>>>>>

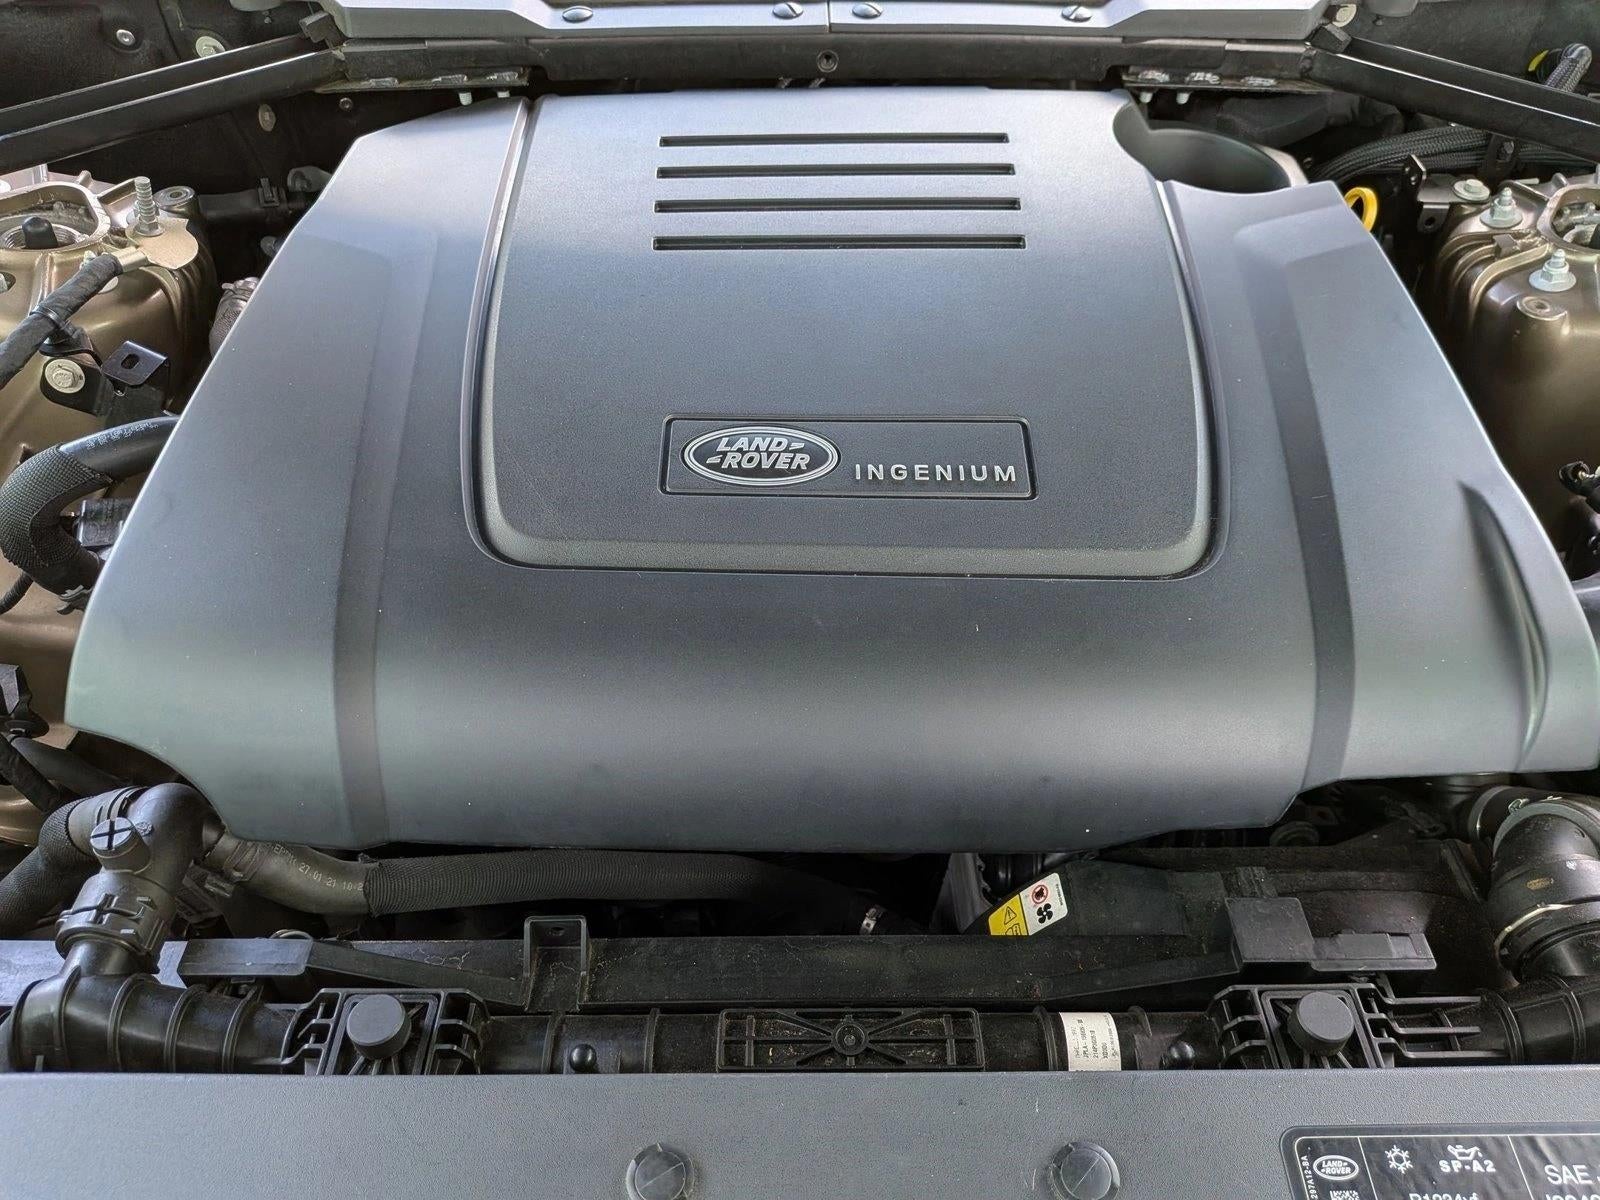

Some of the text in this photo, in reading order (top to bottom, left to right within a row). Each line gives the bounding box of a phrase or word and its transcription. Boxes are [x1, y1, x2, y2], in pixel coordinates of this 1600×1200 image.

[716, 437, 788, 452] LAND
[721, 452, 811, 470] ROVER
[855, 464, 1016, 482] INGENIUM
[1322, 1160, 1343, 1168] LAND
[1325, 1167, 1351, 1175] ROVER
[1439, 1160, 1496, 1173] SP-A2
[1544, 1164, 1593, 1185] SAE
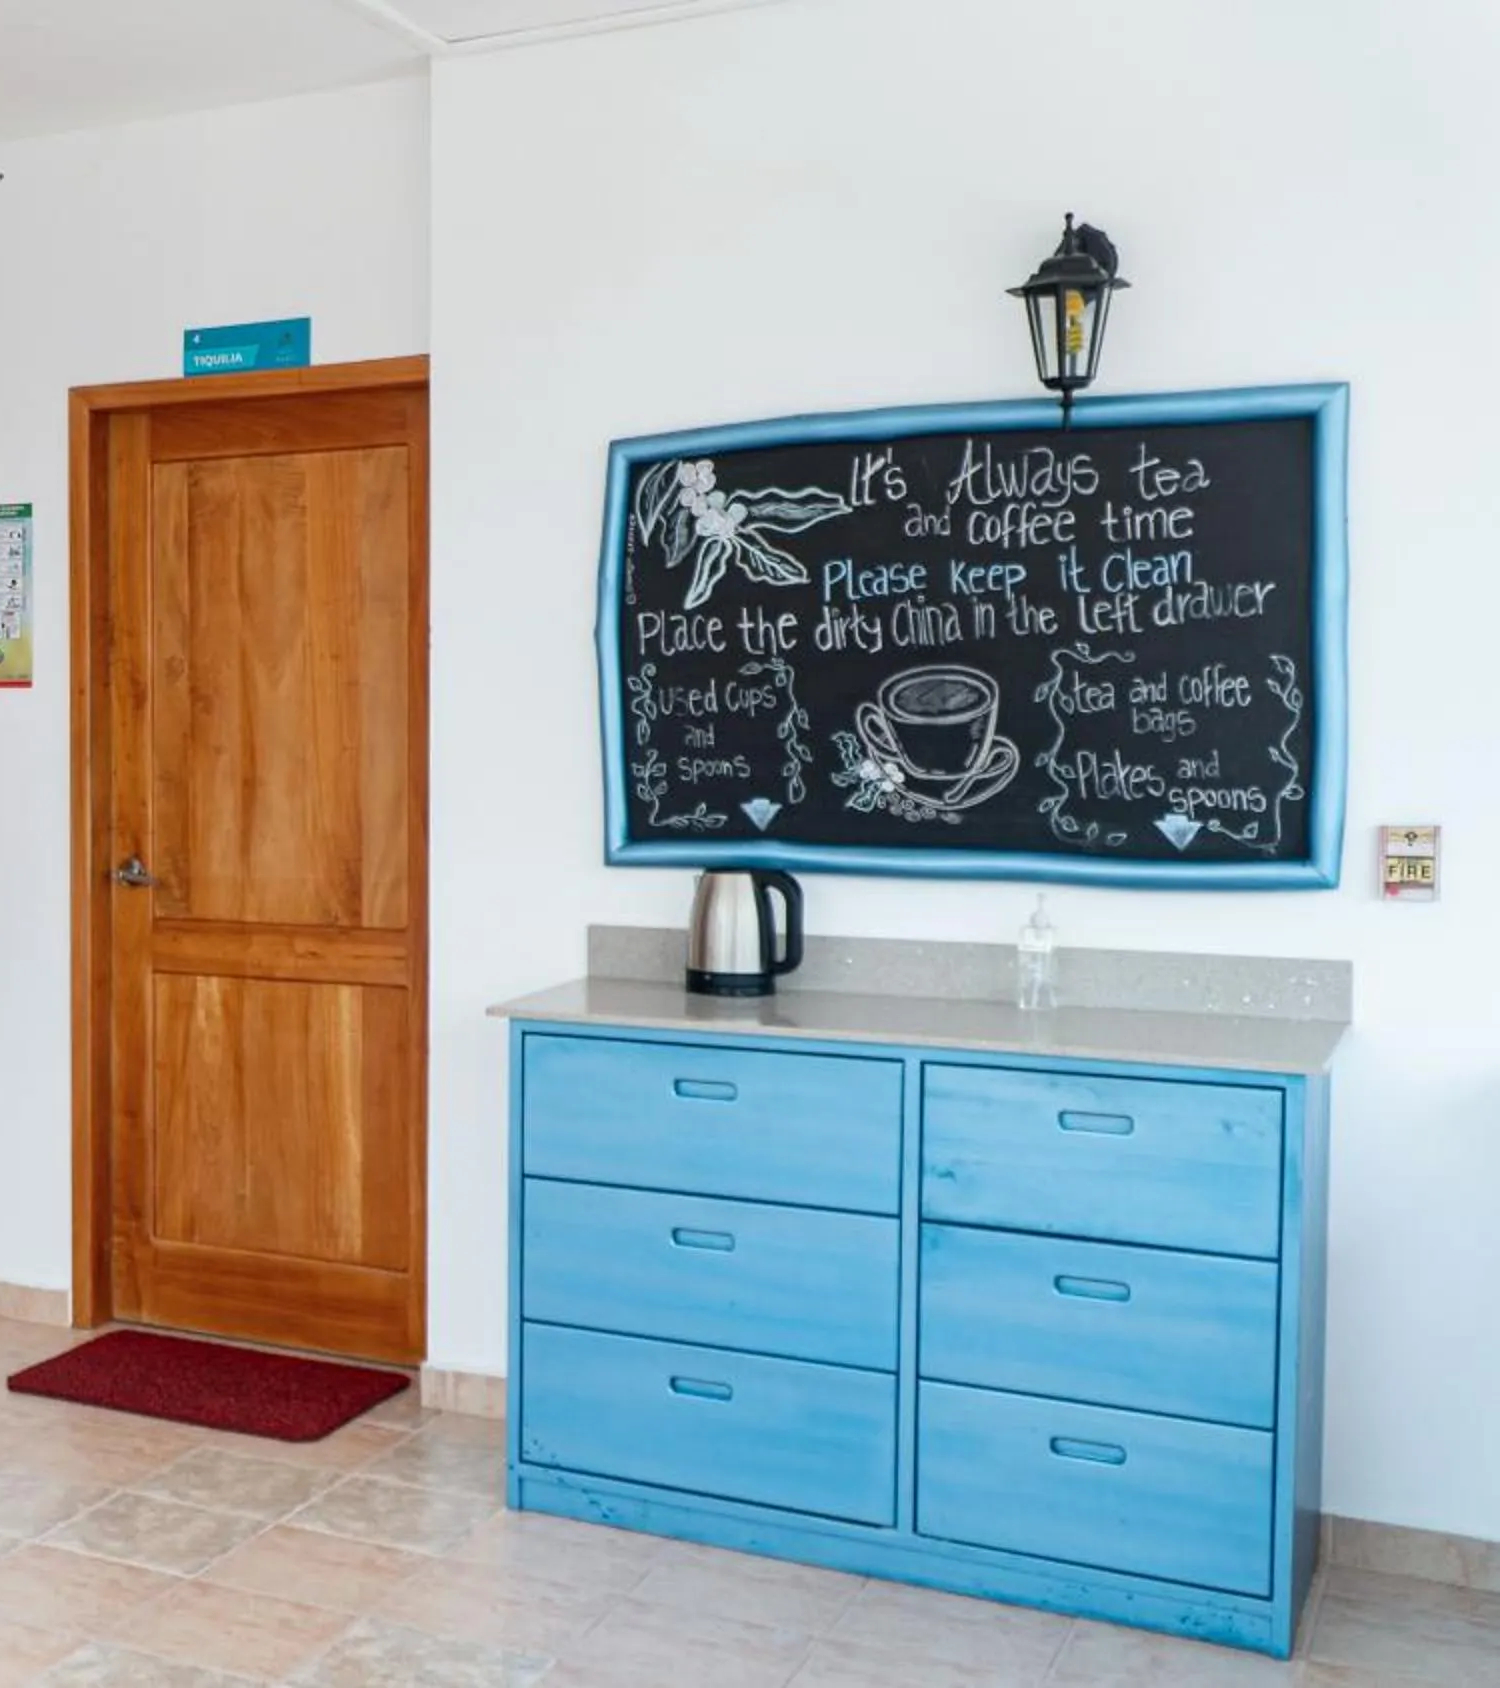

<<<<<

**Instructions to follow:** No picture should be included when the data are set down again exactly.

**Response to the task:**
Some of the text in this photo, in reading order (top to bottom, left to right within a row). Each line gives the bounding box of a phrase or word and its transcription. Boxes are [x1, y1, x2, y2], in pixel coordinates of this 1600×1200 image.

[716, 437, 788, 452] LAND
[721, 452, 811, 470] ROVER
[855, 464, 1016, 482] INGENIUM
[1322, 1160, 1343, 1168] LAND
[1325, 1167, 1351, 1175] ROVER
[1439, 1160, 1496, 1173] SP-A2
[1544, 1164, 1593, 1185] SAE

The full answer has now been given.